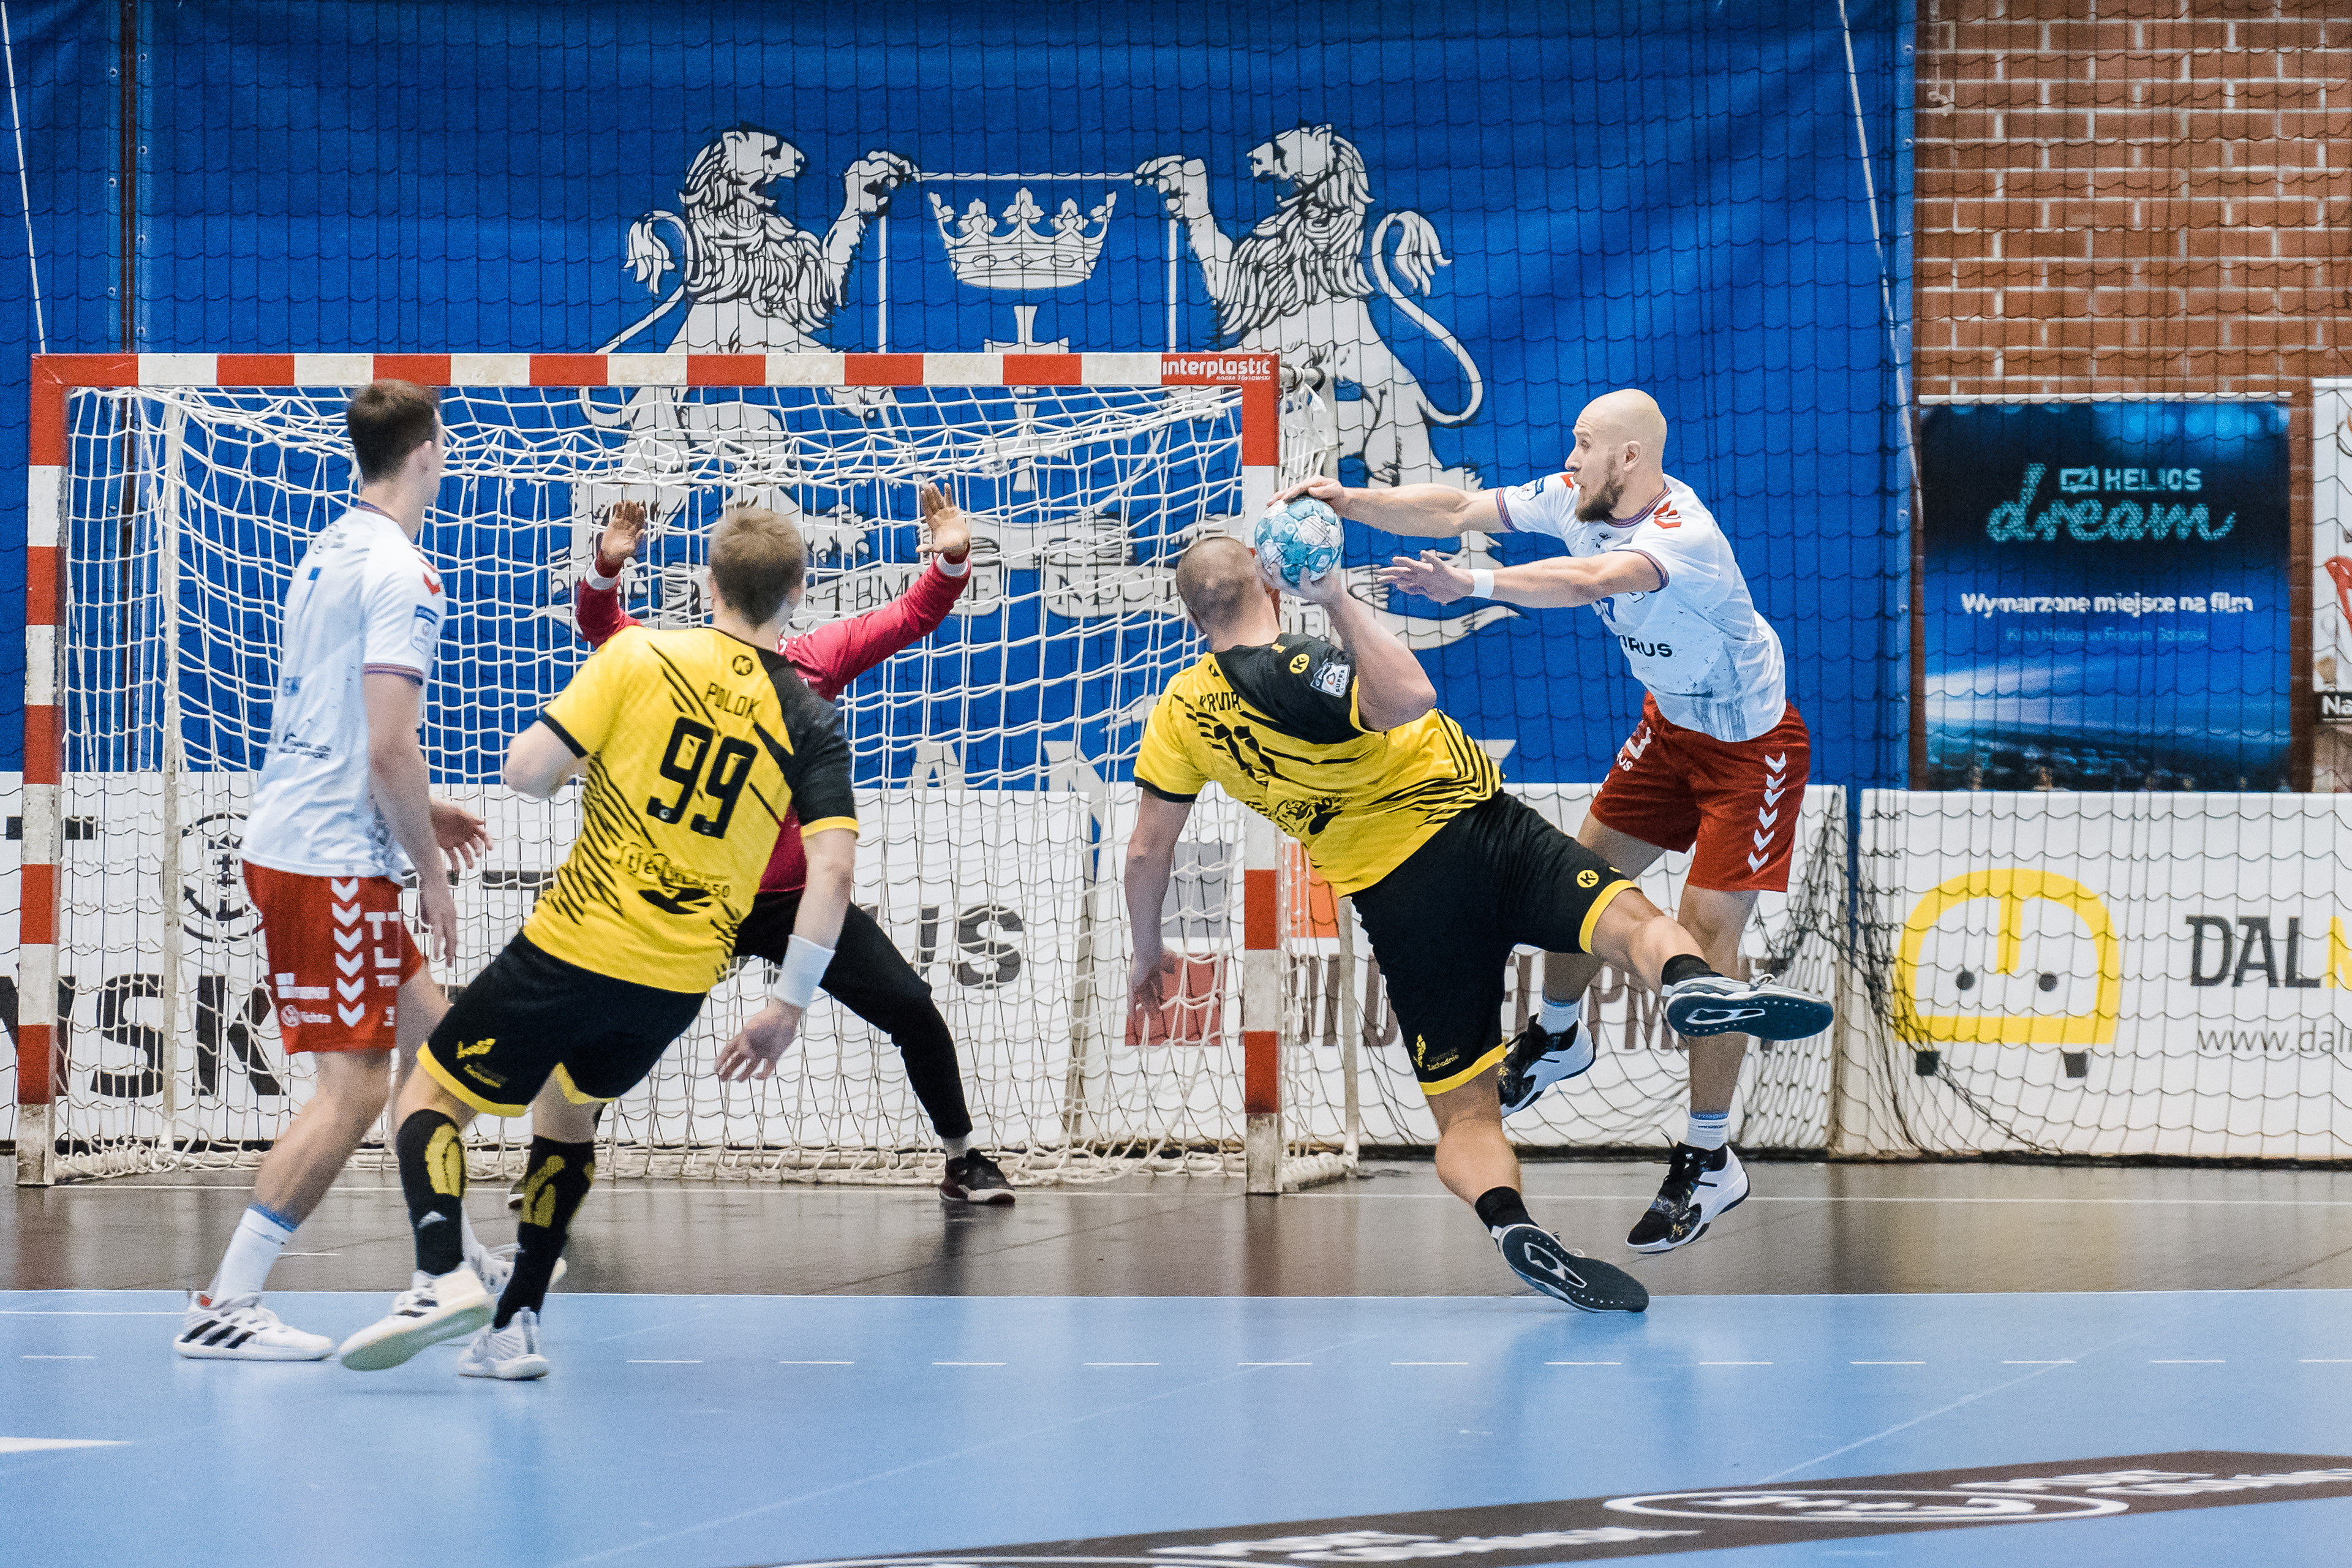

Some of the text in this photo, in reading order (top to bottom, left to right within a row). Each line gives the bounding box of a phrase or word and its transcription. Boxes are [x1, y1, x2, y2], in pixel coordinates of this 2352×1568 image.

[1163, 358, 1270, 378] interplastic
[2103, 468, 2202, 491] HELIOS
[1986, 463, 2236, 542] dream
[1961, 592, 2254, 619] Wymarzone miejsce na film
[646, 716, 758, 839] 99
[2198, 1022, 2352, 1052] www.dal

§

Transcribe the lines above exactly, setting aside any picture among them.

Some of the text in this photo, in reading order (top to bottom, left to right within a row). Each line gives the bounding box of a phrase or word and its transcription. Boxes are [x1, y1, x2, y2], in pixel coordinates of this 2352×1568 image.

[1163, 358, 1270, 378] interplastic
[2103, 468, 2202, 491] HELIOS
[1986, 463, 2236, 542] dream
[1961, 592, 2254, 619] Wymarzone miejsce na film
[646, 716, 758, 839] 99
[2198, 1022, 2352, 1052] www.dal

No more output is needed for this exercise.